O ensino será à medida de cada aluno

Tecnologia: menos burocracia e maior personalização dos conteúdos pedagógicos são as grandes vantagens da inteligência artificial na educação. Mas os riscos existem e estão a ser estudados
Tecnologia: menos burocracia e maior personalização dos conteúdos pedagógicos são as grandes vantagens da inteligência artificial na educação. Mas os riscos existem e estão a ser estudados
Francisco de Almeida Fernandes
Simulação, é esta a palavra que melhor define o que é a inteligência artificial (IA). As diferentes ferramentas desenvolvidas com base nesta tecnologia são treinadas por humanos para detetar padrões, contextos e produzir um resultado em função do objetivo para o qual foram criadas. “Não acho que o ChatGPT seja um exemplo excecional de IA”, considera Penousal Machado, professor e investigador desta área no Departamento de Engenharia Informática da Universidade de Coimbra.
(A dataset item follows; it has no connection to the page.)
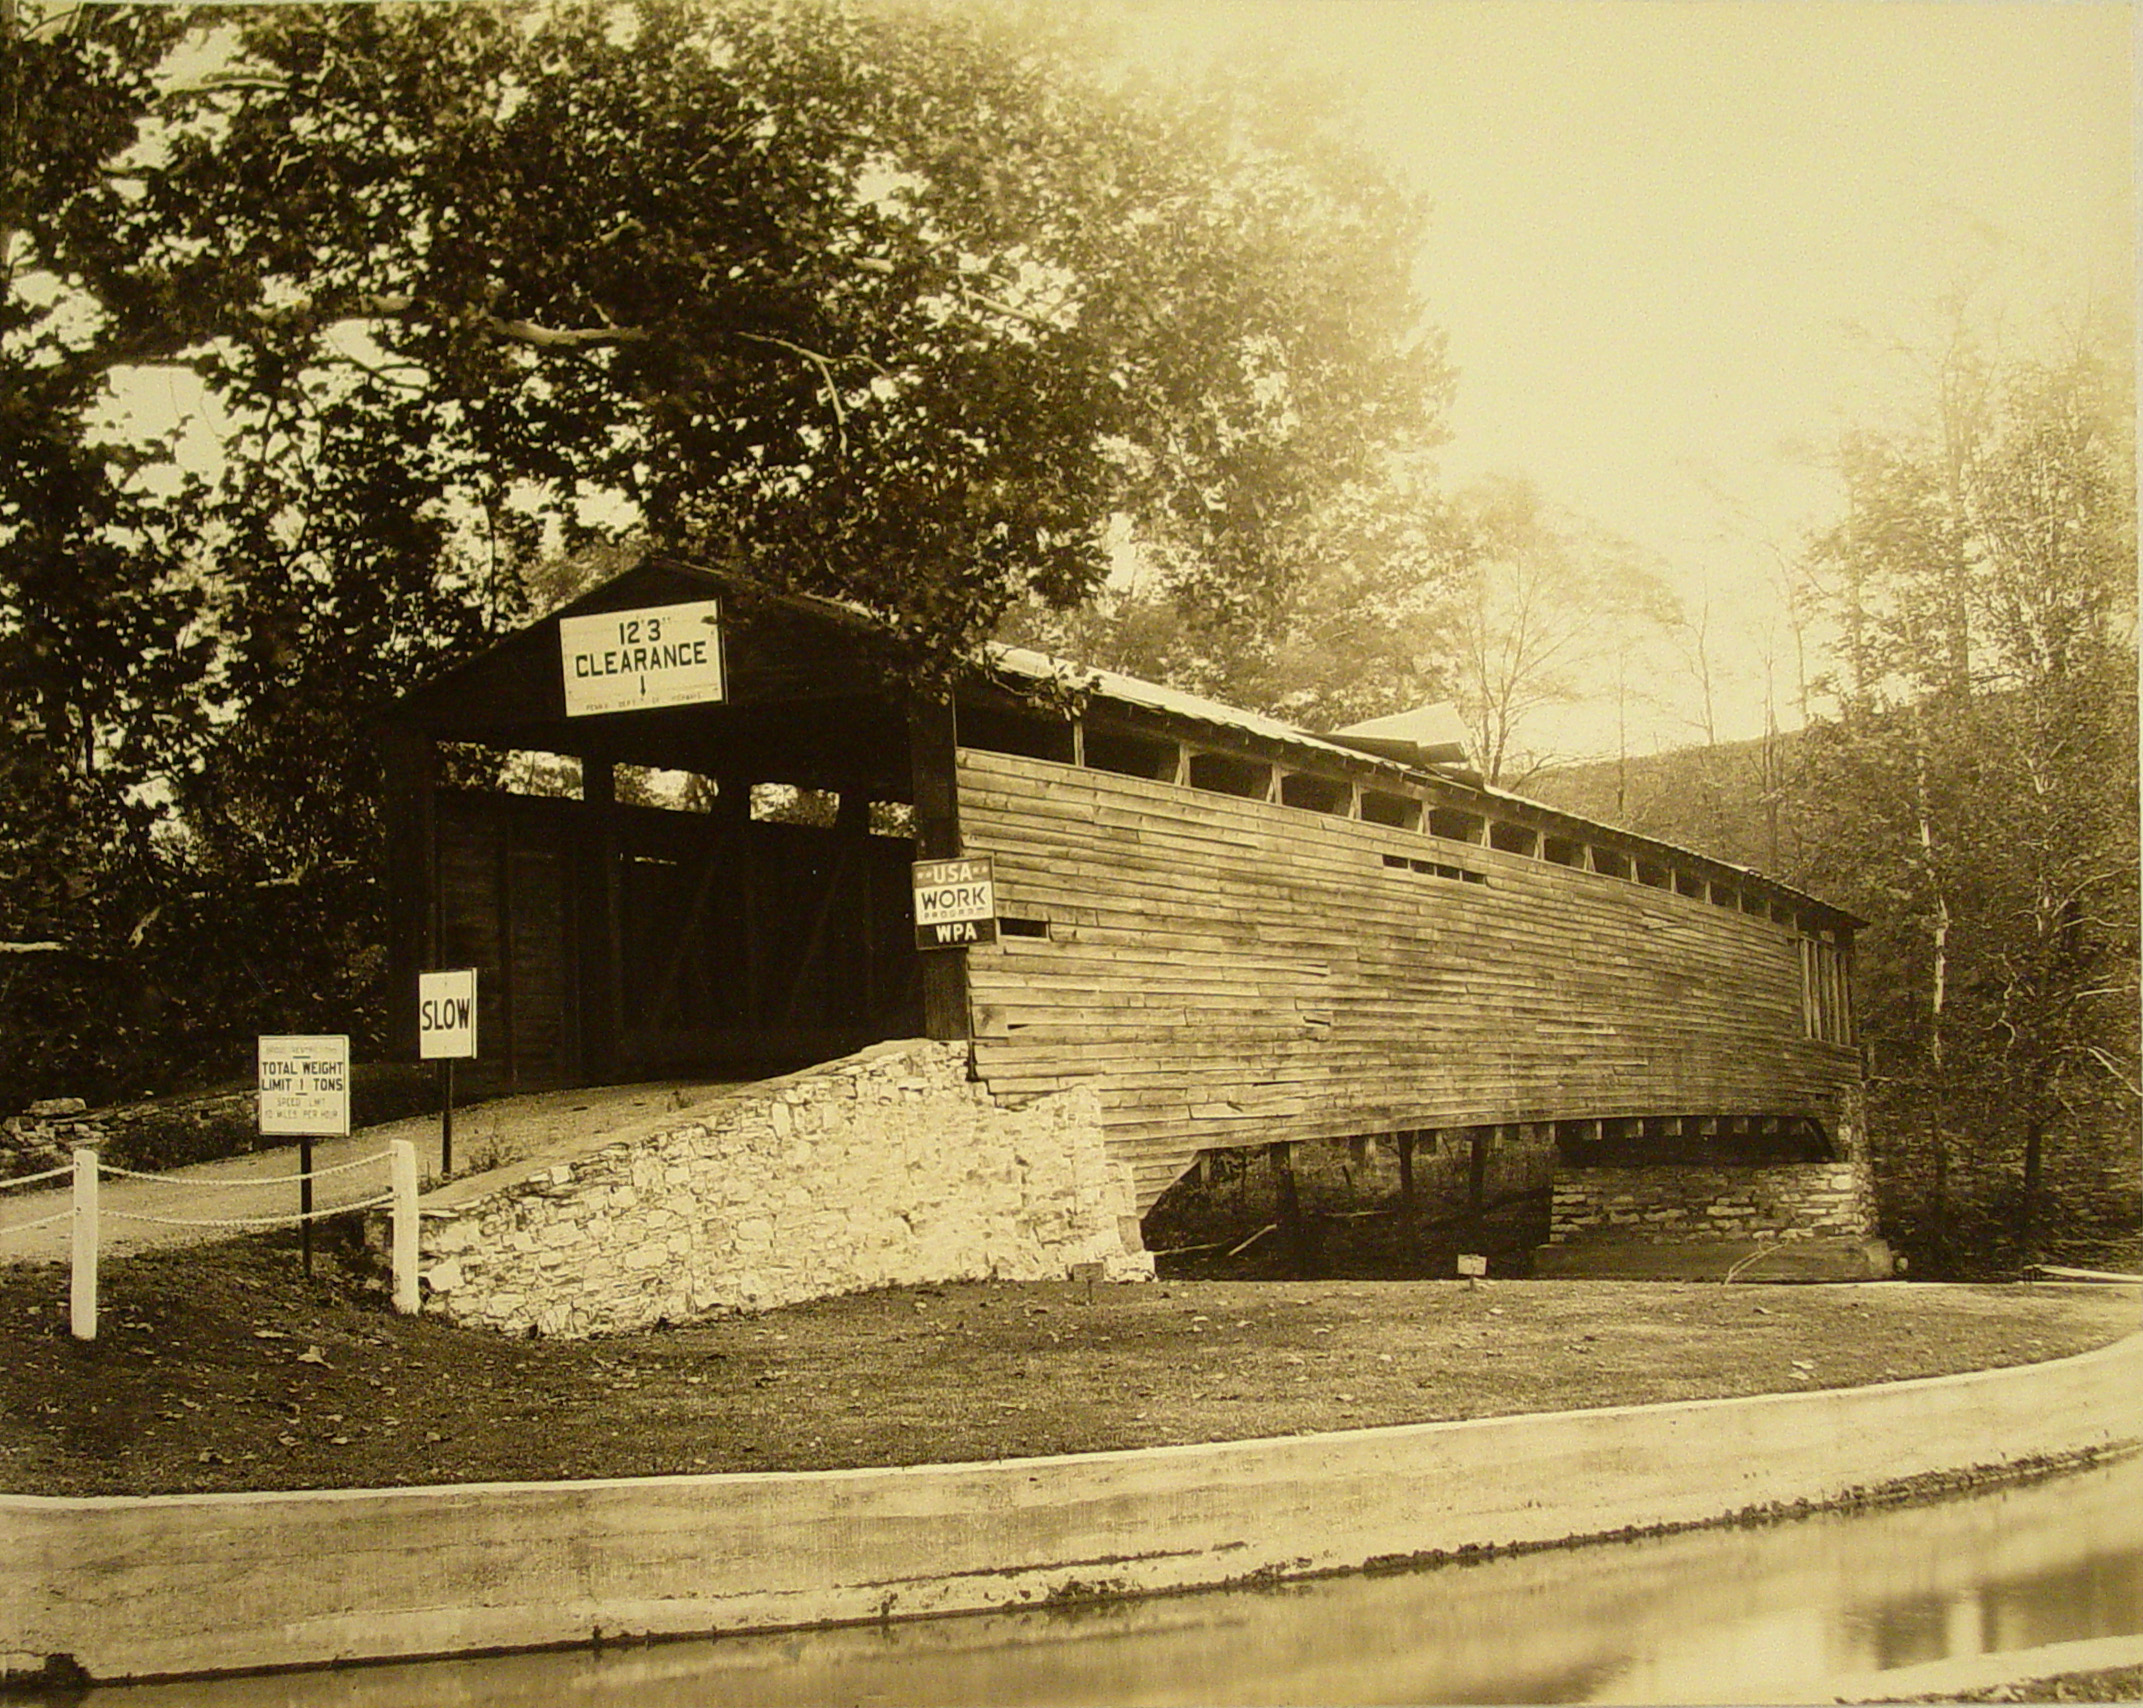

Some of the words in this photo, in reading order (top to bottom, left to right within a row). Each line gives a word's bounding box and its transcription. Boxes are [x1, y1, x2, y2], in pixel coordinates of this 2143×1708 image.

Para o especialista, que desde a década de 80 trabalha este tema, o ChatGPT é apenas “a constatação de algo que já sabemos há muito tempo, de que se dominarmos a linguagem parecemos inteligentes”.
Penousal Machado, um dos oradores de mais uma conferência itinerante para celebrar os 50 anos do Expresso, que decorreu no Colégio da Trindade, em Coimbra, refere-se ao modelo de linguagem que está na base do sistema disponibilizado ao público pela OpenAI em finais do ano passado. Mais do que ter consciência, um conceito que o professor atribui exclusivamente ao ser humano, o ChatGPT “nunca tem um plano” e “apenas prevê qual a próxima palavra em função do contexto” de uma determinada conversa. Por tudo isto, o investigador acredita que há ainda um longo caminho a percorrer até um cenário em que a tecnologia tem “inteligência artificial genérica”, mais aproximada do que consideramos ser a inteligência de uma pessoa de carne e osso.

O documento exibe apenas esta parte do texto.